*** Opening of DATA FOR THIS EXERCISE ***

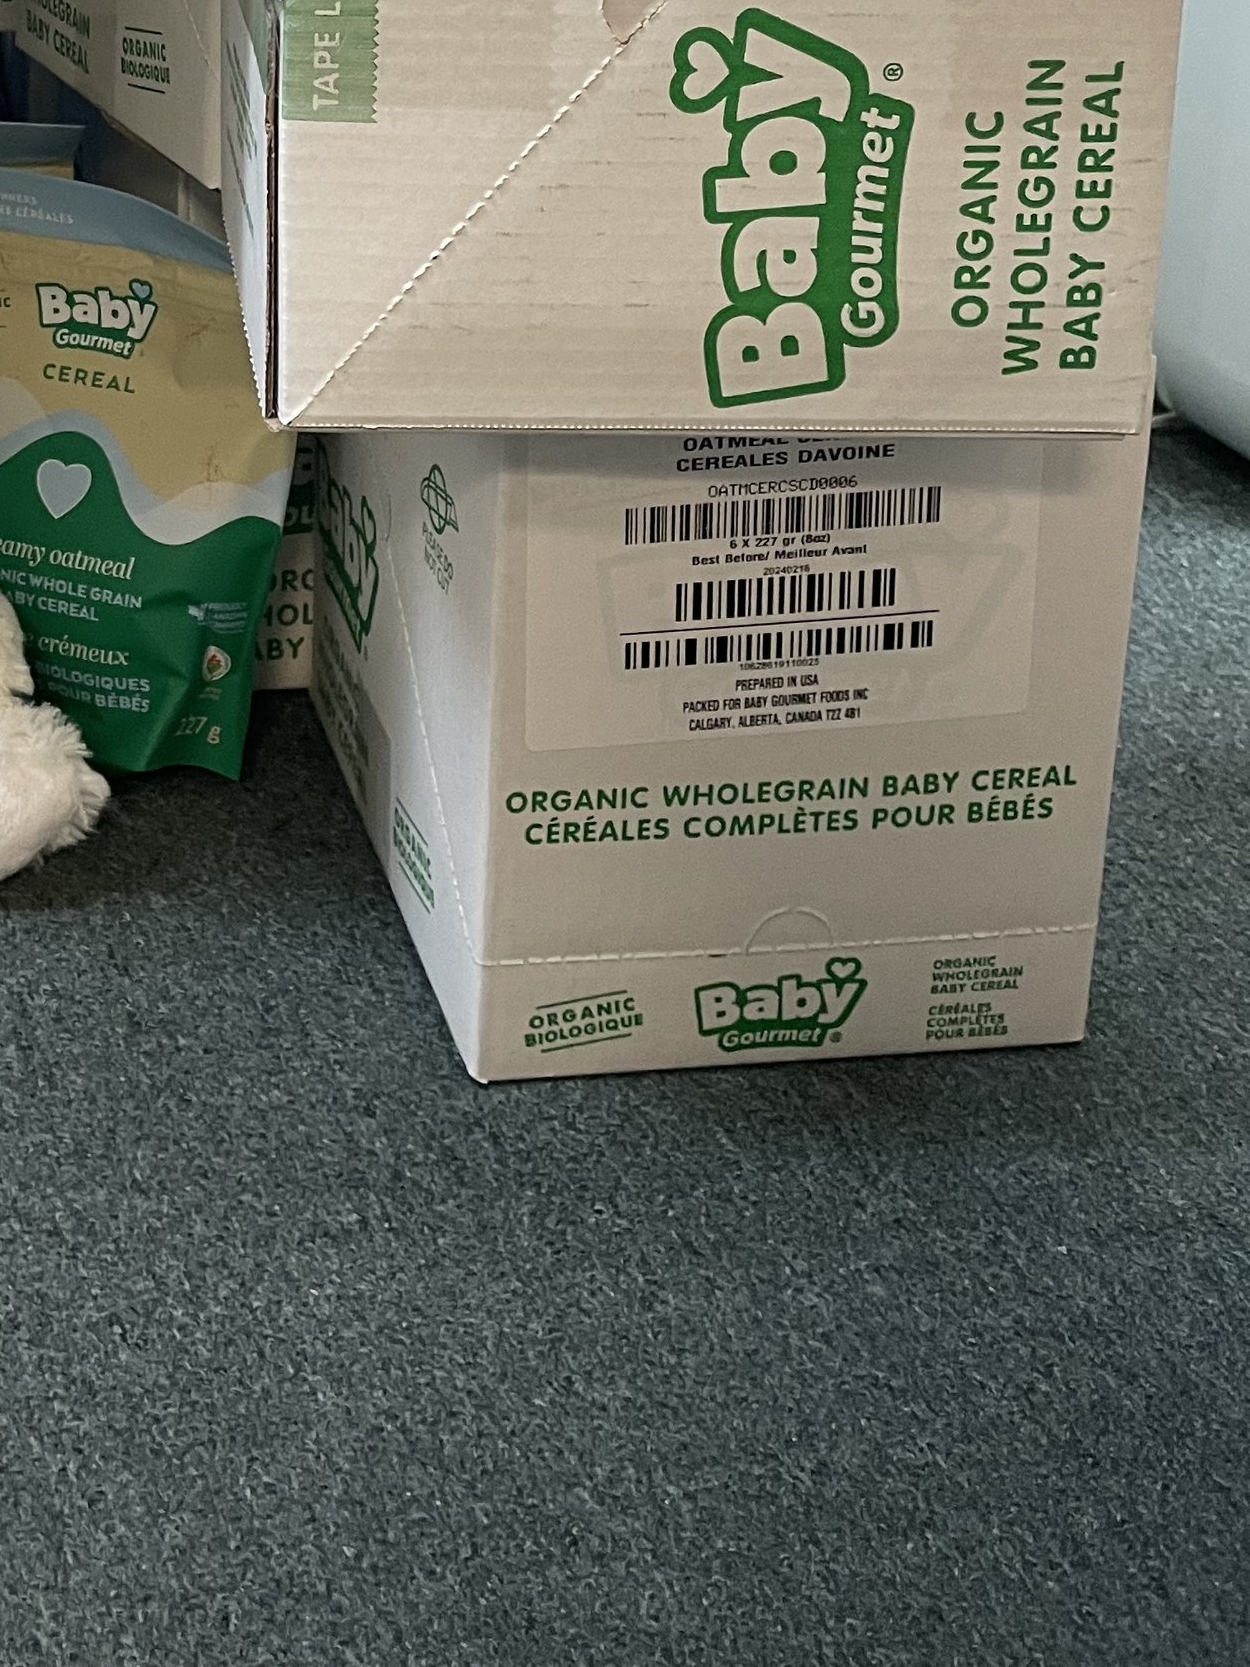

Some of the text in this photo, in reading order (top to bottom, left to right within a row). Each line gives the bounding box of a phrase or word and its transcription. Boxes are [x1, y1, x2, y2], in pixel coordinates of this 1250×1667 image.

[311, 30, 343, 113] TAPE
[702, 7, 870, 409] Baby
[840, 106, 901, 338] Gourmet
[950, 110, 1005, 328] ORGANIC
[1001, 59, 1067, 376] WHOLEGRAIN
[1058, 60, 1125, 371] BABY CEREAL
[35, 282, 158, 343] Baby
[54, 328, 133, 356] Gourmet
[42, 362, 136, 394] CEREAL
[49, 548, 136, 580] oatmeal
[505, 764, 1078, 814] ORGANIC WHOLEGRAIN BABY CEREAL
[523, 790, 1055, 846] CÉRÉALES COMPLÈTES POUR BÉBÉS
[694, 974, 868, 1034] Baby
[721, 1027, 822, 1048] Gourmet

*** Close of DATA FOR THIS EXERCISE ***

ASSIGNED TASK — Without the pictures, print all of the records exactly.

SOLUTION TO THE EXERCISE —
Some of the text in this photo, in reading order (top to bottom, left to right within a row). Each line gives the bounding box of a phrase or word and its transcription. Boxes are [x1, y1, x2, y2], in pixel coordinates of this 1250×1667 image.

[311, 30, 343, 113] TAPE
[702, 7, 870, 409] Baby
[840, 106, 901, 338] Gourmet
[950, 110, 1005, 328] ORGANIC
[1001, 59, 1067, 376] WHOLEGRAIN
[1058, 60, 1125, 371] BABY CEREAL
[35, 282, 158, 343] Baby
[54, 328, 133, 356] Gourmet
[42, 362, 136, 394] CEREAL
[49, 548, 136, 580] oatmeal
[505, 764, 1078, 814] ORGANIC WHOLEGRAIN BABY CEREAL
[523, 790, 1055, 846] CÉRÉALES COMPLÈTES POUR BÉBÉS
[694, 974, 868, 1034] Baby
[721, 1027, 822, 1048] Gourmet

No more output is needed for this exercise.